Speaking to at least one or two past clients can help clarify whether an advisor’s claims match their results. This step is especially important if you’re researching advanced strategies, like tax optimization or specialized retirement income planning.
Stay Aware Of Regulatory Changes

The retirement landscape keeps shifting. Secure 2.0 introduced significant changes to catch-up contributions, particularly for individuals with higher incomes (Jackson Walker LLP). If you earn over a certain threshold, you’ll need to make those contributions as Roth (post-tax) funds starting January 1, 2026.
We suggest confirming the advisor’s familiarity with such laws. They should help you stay compliant, adapt payroll systems, and communicate updates to employees if you’re a plan sponsor.
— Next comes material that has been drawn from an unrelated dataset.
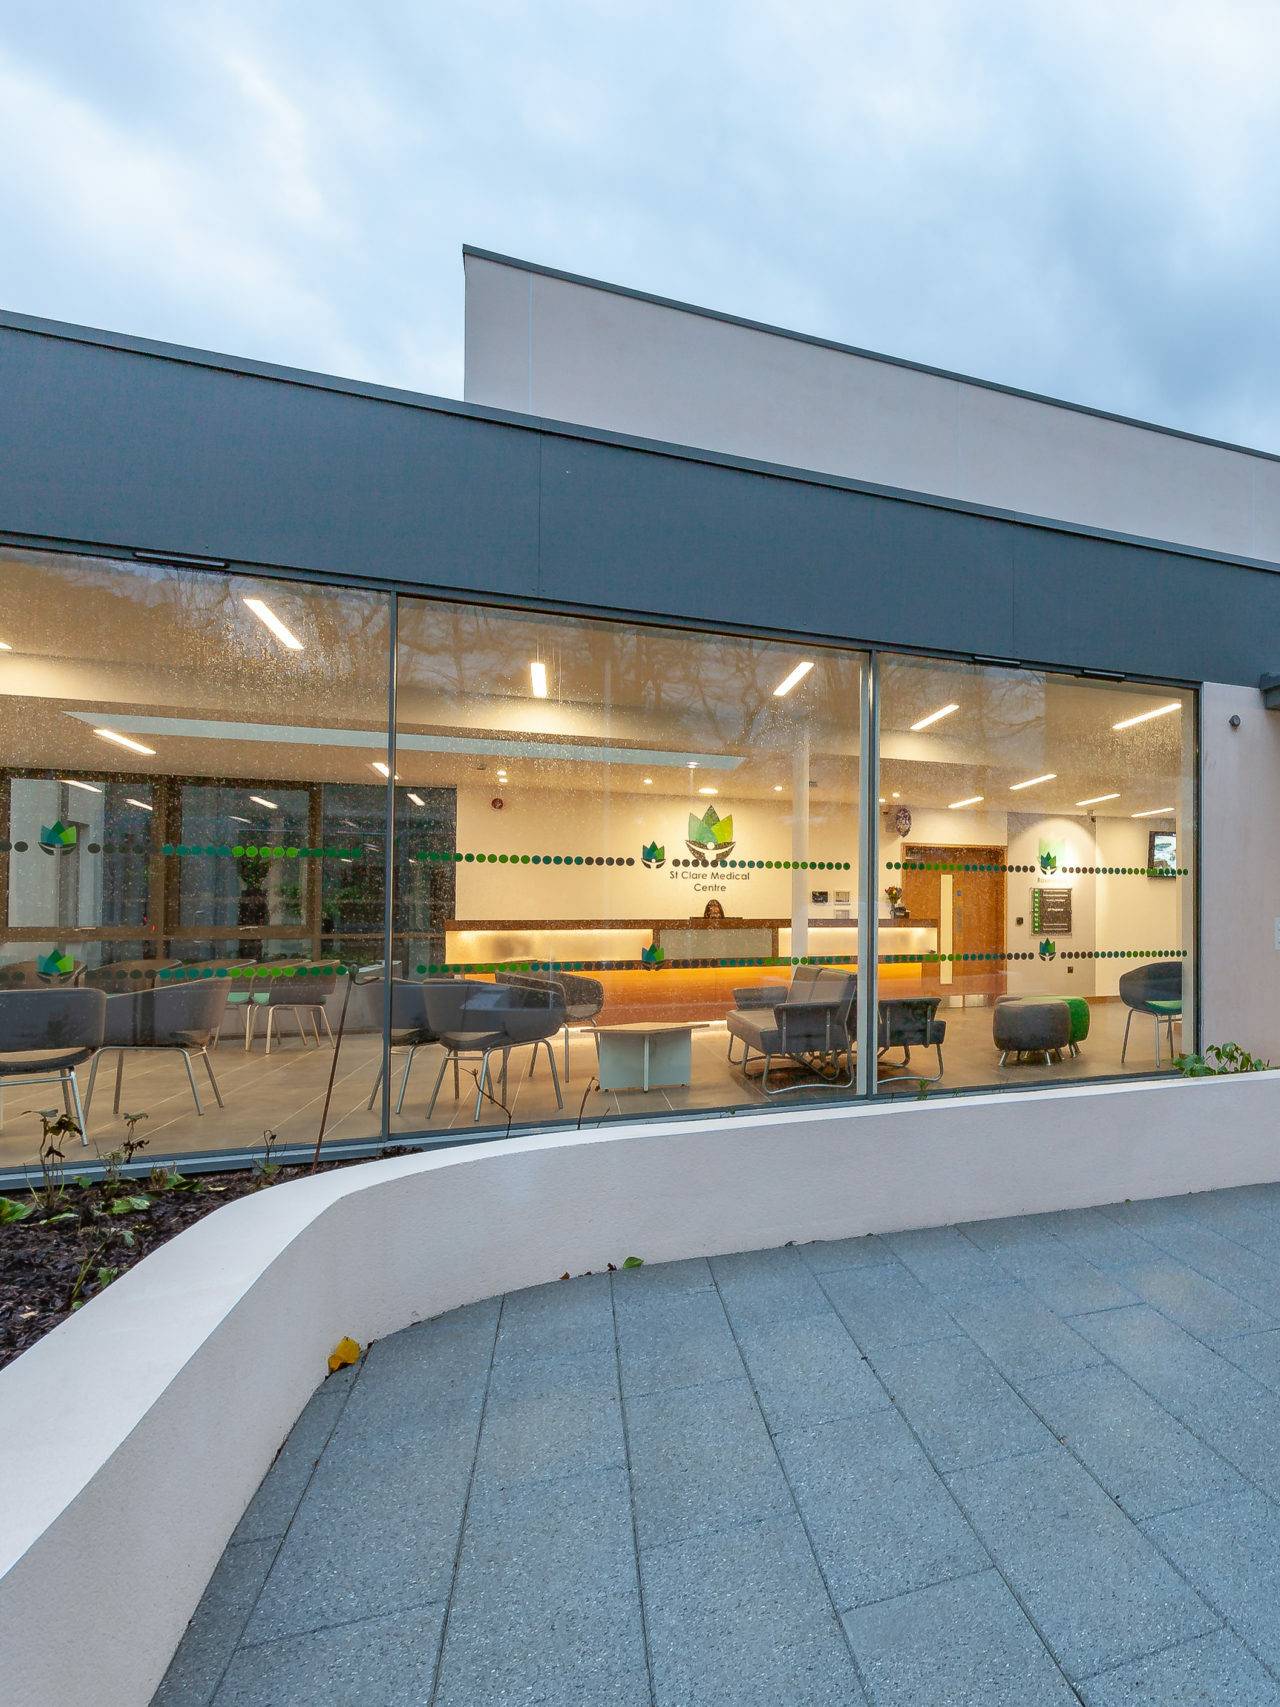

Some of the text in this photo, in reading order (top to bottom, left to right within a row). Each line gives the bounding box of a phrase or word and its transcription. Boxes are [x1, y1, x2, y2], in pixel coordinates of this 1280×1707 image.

If your plan has also in-plan Roth rollover features, you’ll want guidance on self-correcting mistakes before they turn into costly hiccups.
Blend In Your Personal Goals

Finally, the best plans address your lifestyle and retirement aspirations. For instance, we often talk to clients about the best way to get income in retirement, how many years they expect to work, or whether they’re curious about how much money does a couple need to retire.
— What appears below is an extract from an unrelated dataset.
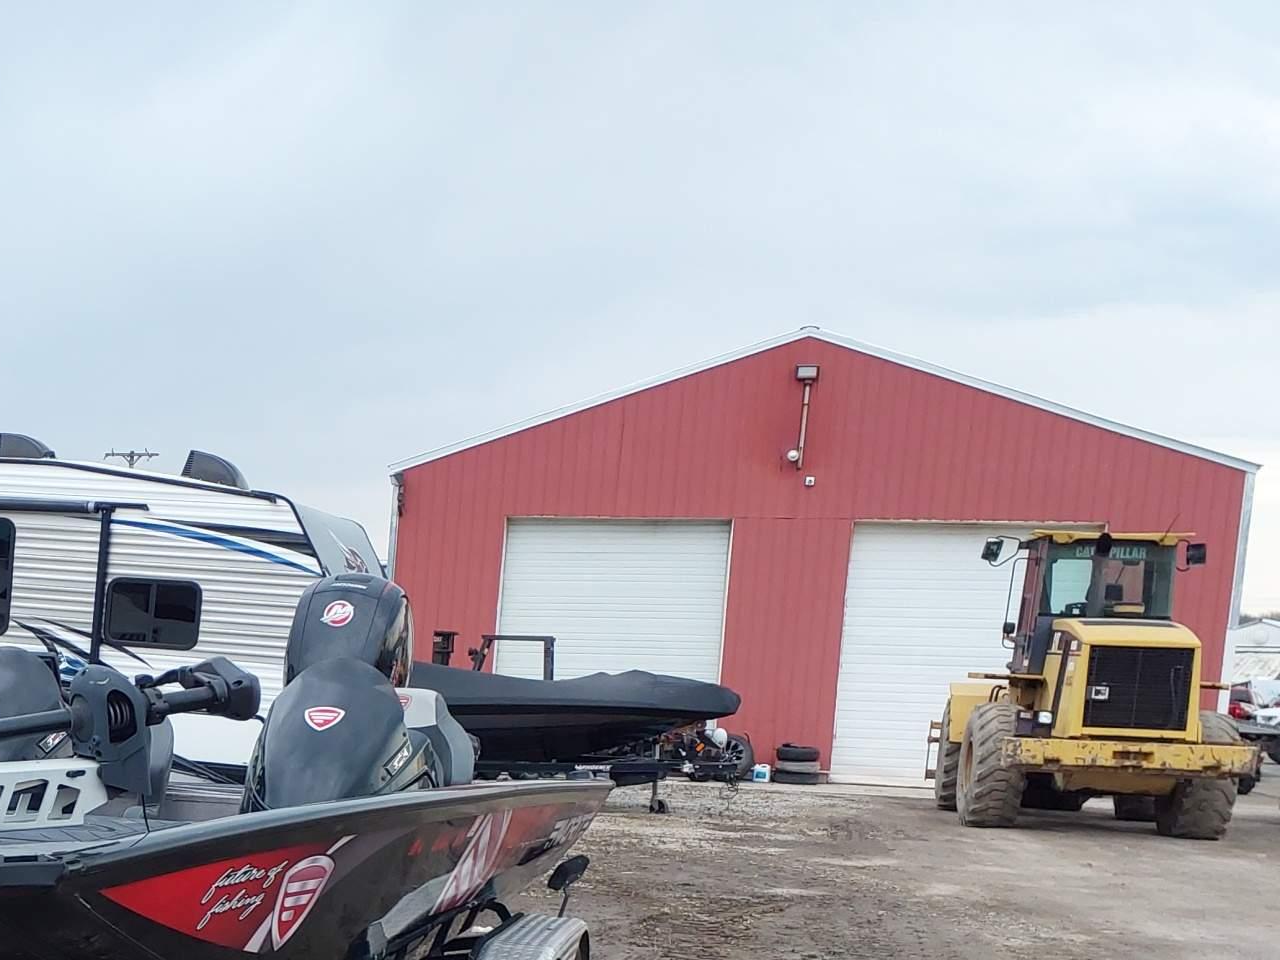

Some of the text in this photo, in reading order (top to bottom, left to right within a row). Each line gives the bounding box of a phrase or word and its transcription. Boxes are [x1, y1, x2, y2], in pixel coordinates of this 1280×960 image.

Ask yourself if you want to travel frequently, start a passion project, or fund educational plans for grandkids. A retirement plan advisor who truly knows you will shape your investments, contributions, and distribution schedules around these personal milestones. This approach helps ensure you’re not just saving blindly but investing with a clear endgame in mind.
We recommend diving deeper into a few key areas if you have time: setting up a best retirement budget spreadsheet, exploring various retirement withdrawal strategies, and tackling questions like do i have to pay taxes on retirement income.
In the end, no matter when you start, the key is to find a retirement plan advisor who appreciates your personal goals, understands evolving regulations, and keeps fees transparent. It might take a bit of effort to sort through credentials and philosophies, but a trusted advisor can make all the difference in helping you retire on your own terms.